On Sunday evening we met our new, Vietnamese tour leader, Dat. It seems that the tour we are on is a combination of smaller, one-country tours, so we have a new leader for each leg. We also said goodbye to five members of our Cambodian leg, and pciked up tow more, sisters from Australia. We had a welcome dinner in the market, which was some of the best bbq ribs I have ever had.

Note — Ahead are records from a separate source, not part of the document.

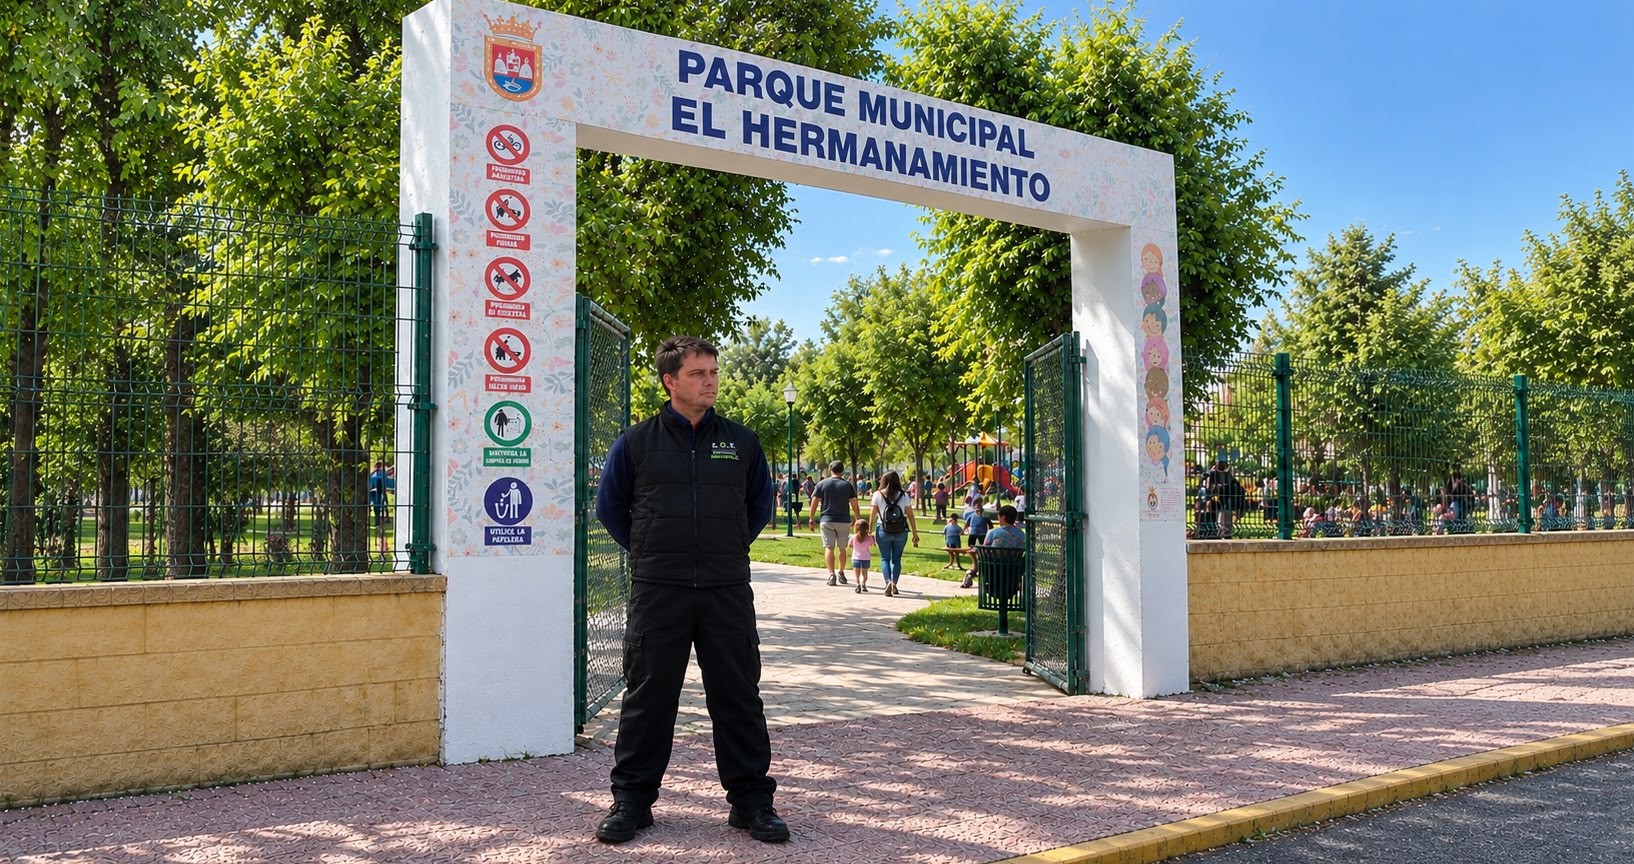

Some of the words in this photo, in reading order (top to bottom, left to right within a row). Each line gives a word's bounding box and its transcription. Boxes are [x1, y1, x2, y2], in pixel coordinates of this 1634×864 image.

[672, 96, 726, 139] EL
[742, 110, 1051, 202] HERMANAMIENTO
[679, 49, 845, 117] PARQUE
[858, 90, 1035, 159] MUNICIPAL
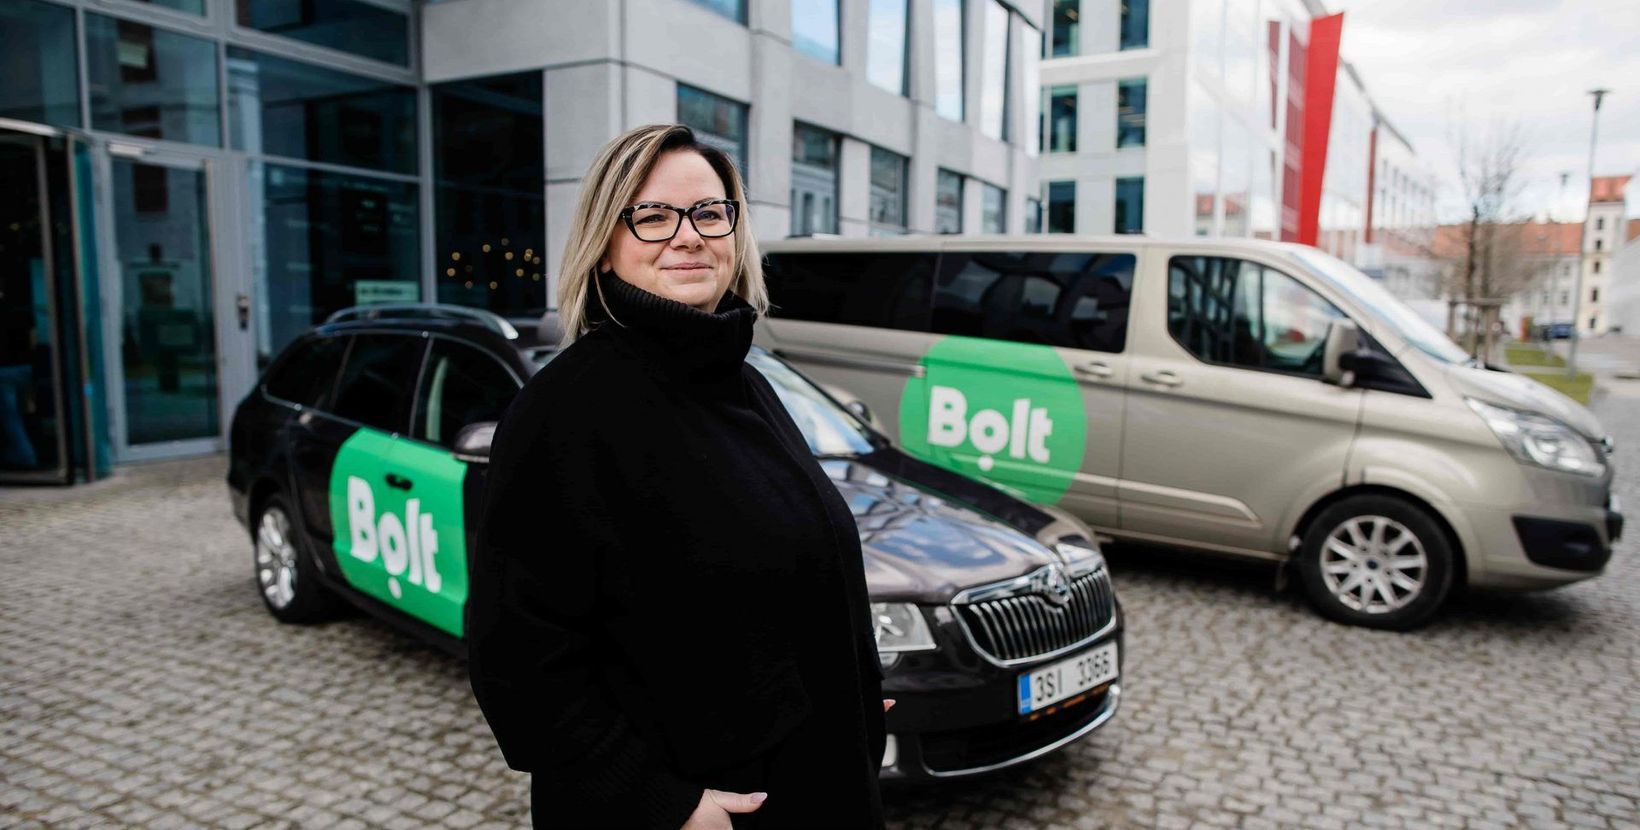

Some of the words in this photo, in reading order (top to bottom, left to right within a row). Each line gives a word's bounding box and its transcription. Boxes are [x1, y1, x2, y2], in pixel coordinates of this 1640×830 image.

[928, 385, 1053, 471] Bolt
[347, 475, 442, 599] Bolt
[1035, 667, 1063, 702] 3SI

Traditional Vietnamese "conical hats"! That's me on the right, by the way 🙂

Monday morning brought a new and unexpected twist: our private bus was huge! After being squished and cramped in a small, non-air conditioned bus in Cambodia, we were all overjoyed at the sight of leg room and circulating air! We drove to the mouth of the Mekong Delta, where we boarded a boat to take us to our homestay.

After the homestay in Cambodia, we were all apprehensive of our accommodation, but again, Vietnam did not disappoint! We were greeted by our own cots with mosquito nets, tables and chairs, hammocks, a cooler full of drinks, toilets, showers, electricity, and fantastic hospitality from our local family! Dinner was delicious, all fresh and prepared and served by the family, and then they treated us to  some traditional south Vietnam music and singing! IT was one of the best nights so far, in my opinion, because all of us had a chance to relax, chat, play games, and connect with locals.

Along the Mekong River

On Tuesday we awoke well rested and well fed, to a western breakfast before boarding our boat to go back to Ho Chi Minh. We had free time to explore the city before our night train to Nha Trang, but it was raining so we opted to visit Reunification Palace.To be honest, it was pretty boring, but every trip to Ho Chi MinhCity must include a visit to the famous gates which were crashed through by a tank during the War, so we went.